### Task requirements:
From the line containing "this 1600×1058 image." through the last line of the entries, output the text exactly. Pictures stay out.

### Listed records:
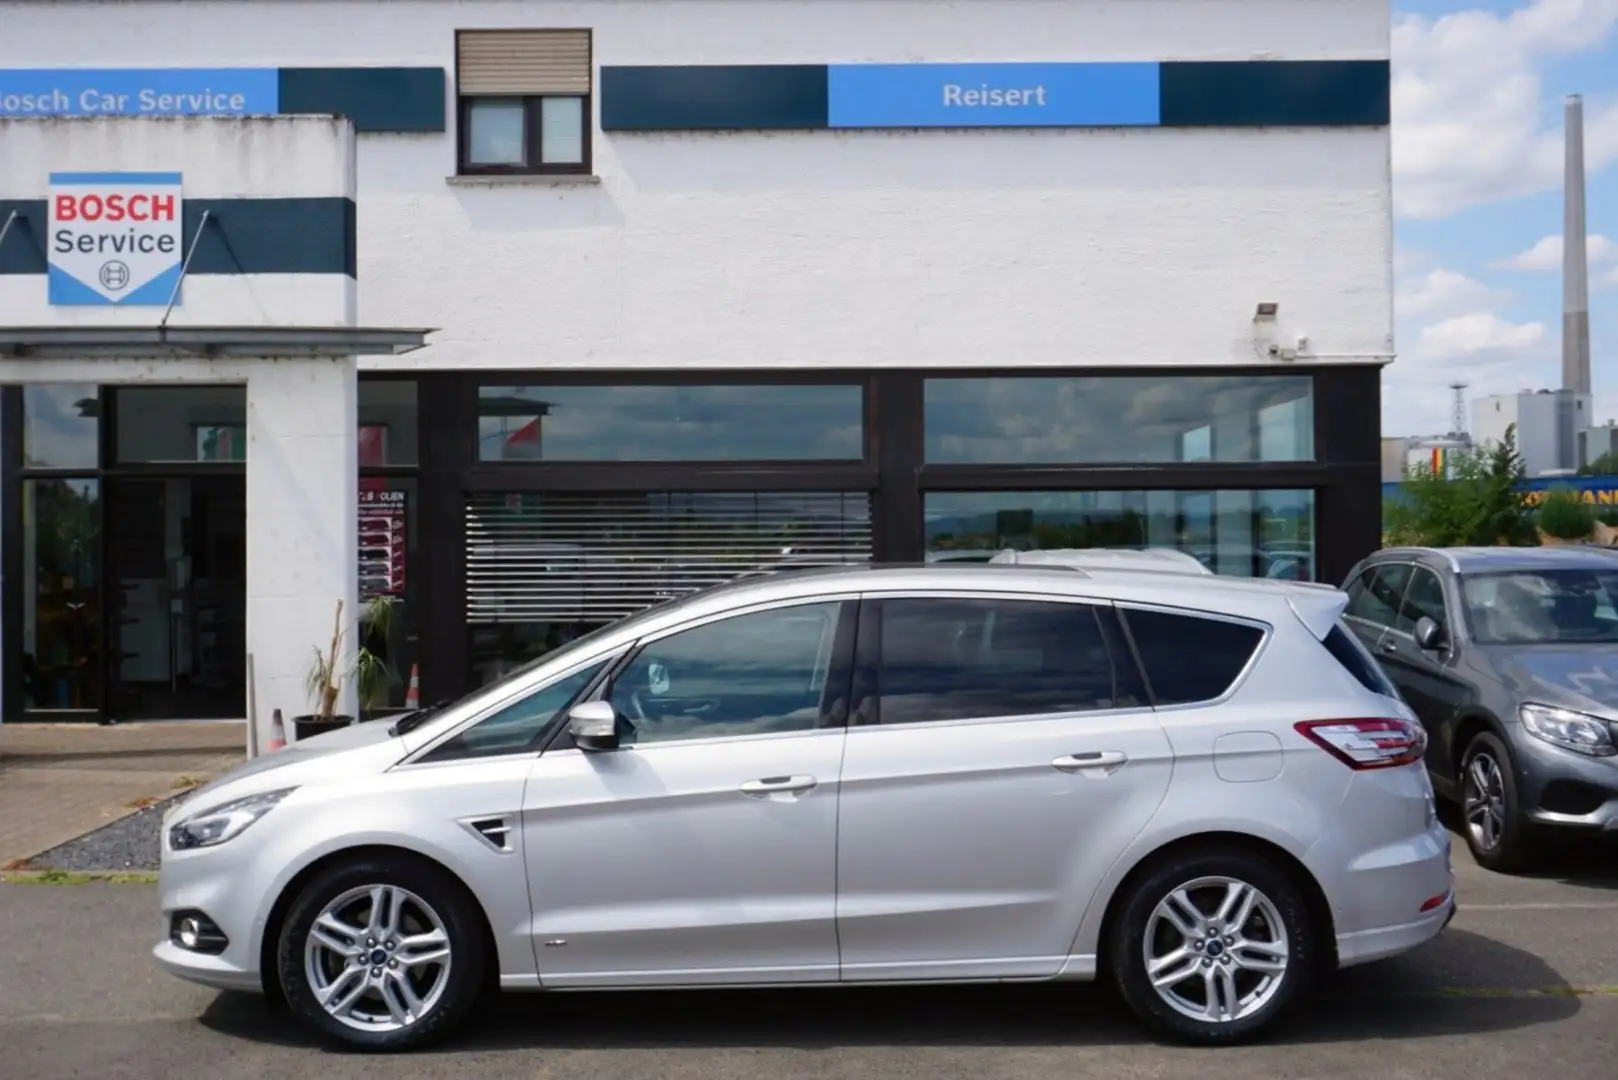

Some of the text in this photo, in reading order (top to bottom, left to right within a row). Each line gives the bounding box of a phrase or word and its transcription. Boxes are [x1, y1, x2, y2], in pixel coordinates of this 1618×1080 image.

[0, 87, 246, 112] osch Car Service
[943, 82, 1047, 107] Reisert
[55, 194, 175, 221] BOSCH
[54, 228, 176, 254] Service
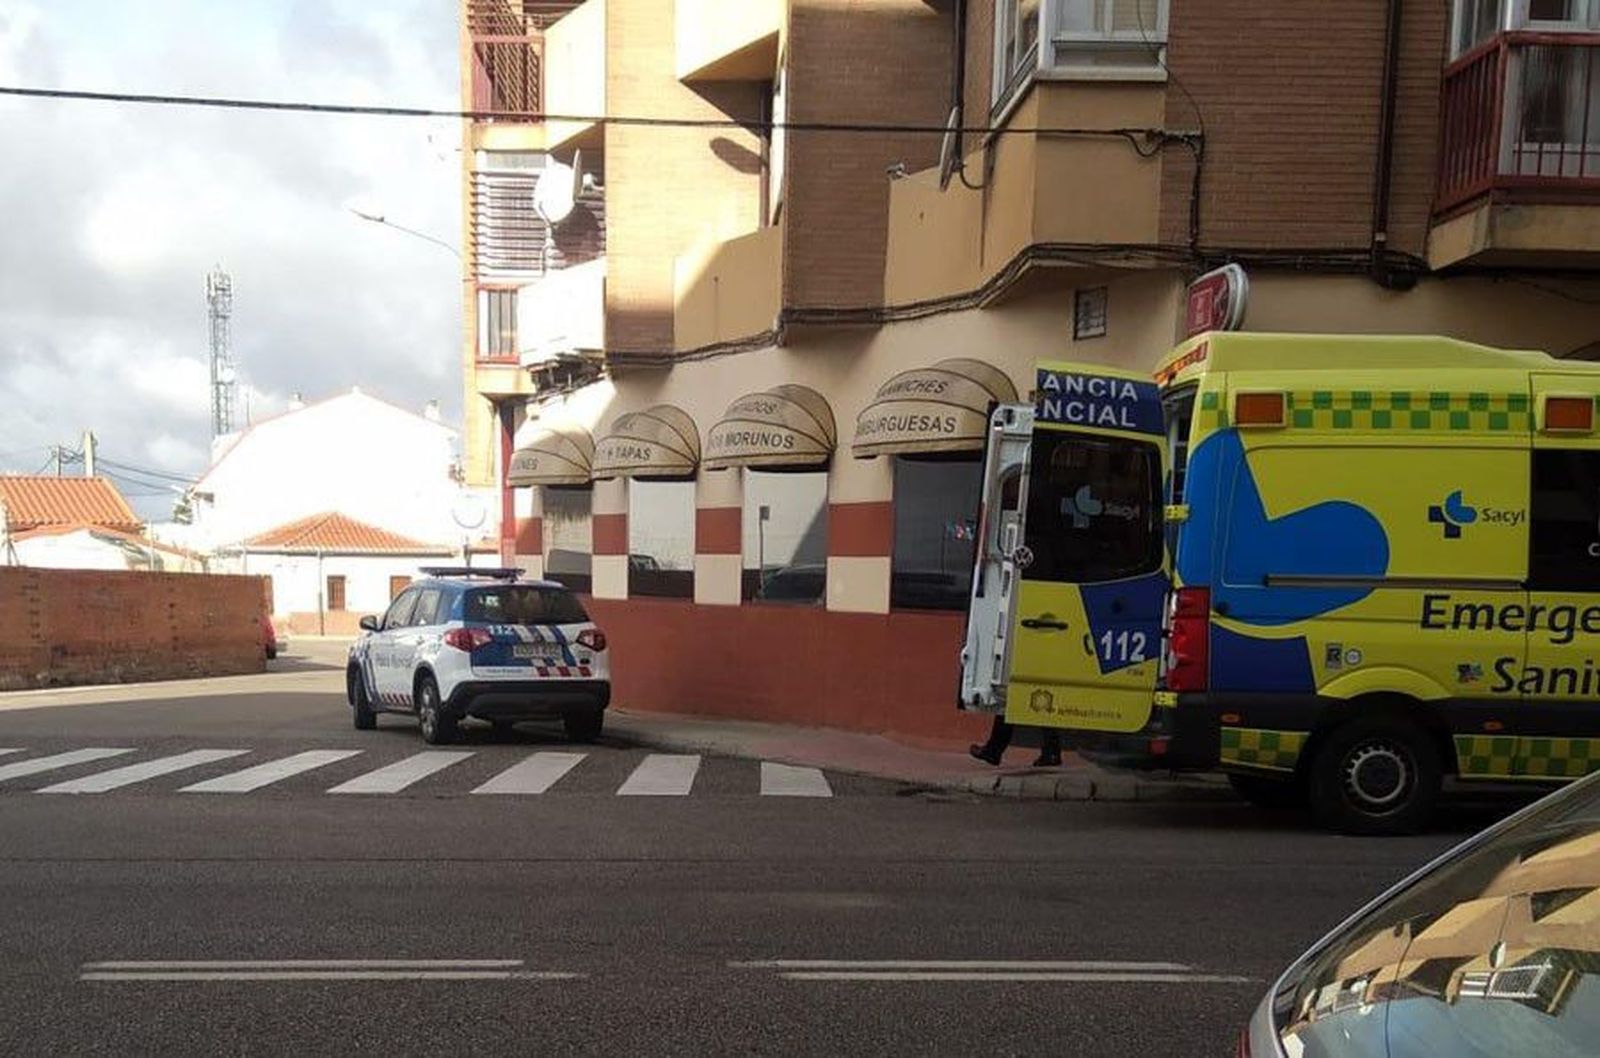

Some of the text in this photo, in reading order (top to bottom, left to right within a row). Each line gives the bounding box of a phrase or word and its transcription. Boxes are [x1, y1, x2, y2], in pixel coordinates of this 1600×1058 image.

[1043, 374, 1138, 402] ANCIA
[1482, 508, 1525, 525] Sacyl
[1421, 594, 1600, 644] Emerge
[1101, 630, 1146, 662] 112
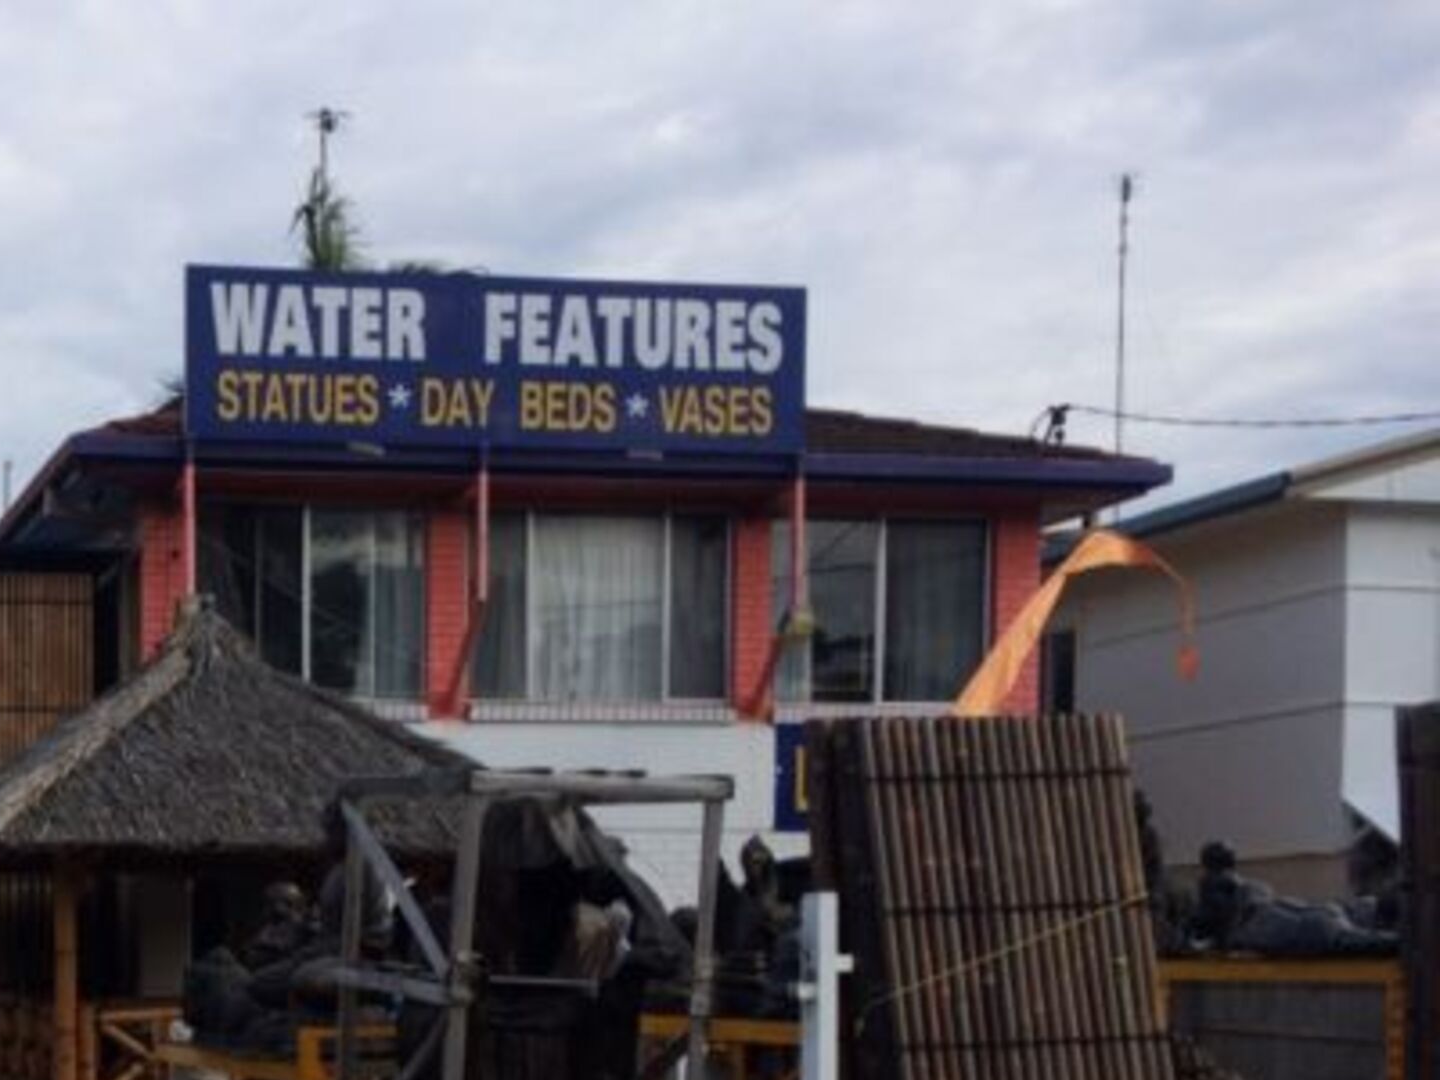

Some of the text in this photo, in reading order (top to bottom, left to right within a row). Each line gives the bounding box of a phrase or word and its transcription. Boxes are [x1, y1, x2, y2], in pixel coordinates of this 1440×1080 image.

### Expected answer:
Some of the text in this photo, in reading order (top to bottom, left to right within a row). Each line gives the bounding box of a phrase or word and its transcription. Boxes are [x1, y1, x2, y2], in pixel coordinates of this 1600×1058 image.

[1043, 374, 1138, 402] ANCIA
[1482, 508, 1525, 525] Sacyl
[1421, 594, 1600, 644] Emerge
[1101, 630, 1146, 662] 112

Some of the text in this photo, in reading order (top to bottom, left to right within a row). Each line gives the bounding box of a phrase or word and its transcription. Boxes are [x1, y1, x2, y2], in pixel coordinates of this 1440×1080 image.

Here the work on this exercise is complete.